There is no way to escape death. It will come into your life eventually. I made it to my 40th year before losing someone close to me, when my father passed away. Everything became surreal for a time, like when you first have a child. You enter a new realm. A club where people share your experience and understand what you are going through. And now life has more depth to it. I appreciate things more. I let things go a little more easily. Death taught me something.
Six years ago, when I lost my dad, I wondered how many years it would take me to stop exploding into tears every time I see his photo or hear his name. I have learned to incorporate his death into my life. To preserve his memory, and to keep his spirit alive, we repeat his favourite sayings (especially the naughty ones) and mention him often. But if I watch him on video, or thumb through a photo album, the floodgates open again. That will likely never change.

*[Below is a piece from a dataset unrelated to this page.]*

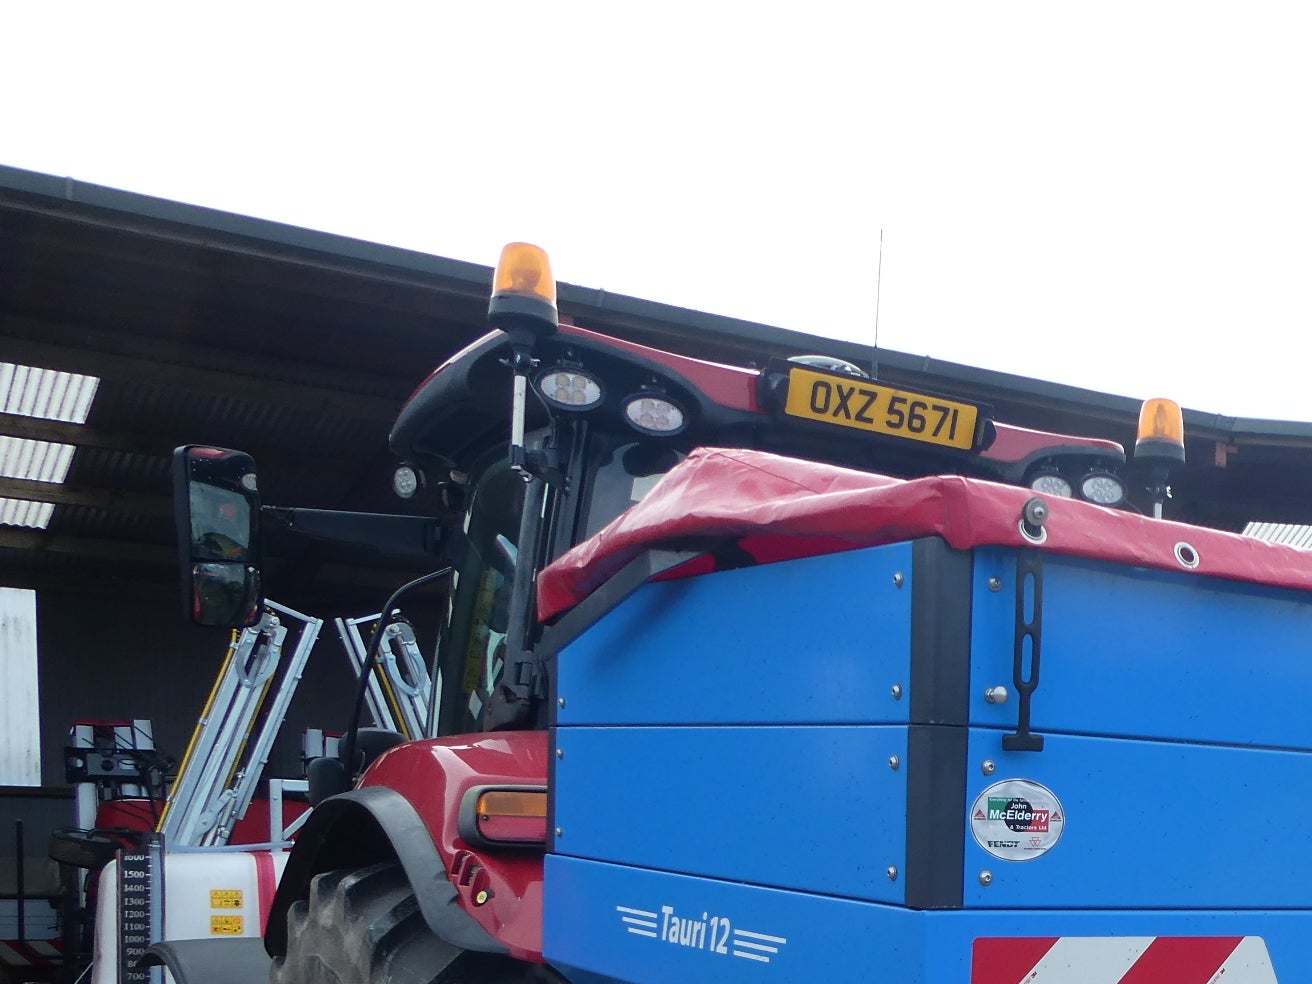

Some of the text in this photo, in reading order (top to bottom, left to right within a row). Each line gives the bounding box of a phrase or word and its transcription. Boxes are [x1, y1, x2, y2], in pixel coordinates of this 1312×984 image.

We never know how our experiences are going to affect others. I just write my stories every week, as one would a journal entry, but sometimes I hear from readers with their reactions to what I have written. I received an email last week from a reader, that affected me quite deeply, and I will share it here:

Dear Diana: I thought to write you on how much your article meant to a friend of mine and his mother. These friends were Daron and Donna Graves, the mother and son who tragically passed away last winter, when their car went off the Quyon Ferry in Fitzroy Harbour, 100 metres from their house. Their anniversary is coming up on January 17th. After reading this week's article, it really brought back to me how much Daron loved reading your stories every week. Your article was always Daron's favorite, so much that he used to clip your stories out and keep them on the fridge all week until the next one. He would laugh, because he could relate to your stories, as his family had animals too years back. I plan to clip the article I have and leave it with the two roses I'm leaving when we go to pay our respects next week. I just thought you might like to know how much you meant to them as an author without knowing it. It's funny, because every time I read one of your stories now, it brings back a lot of sentimental memories of Daron. And I know he's probably still reading them, just on another plane. I smile when I think of that laugh he used to give when he would read out loud. So I just want to thank you for that. Writing is a powerful expression. ~ Justin.

This week’s Accidental Farmwife is dedicated to Daron, and to my Dad, who have left the world but live on in the hearts of many.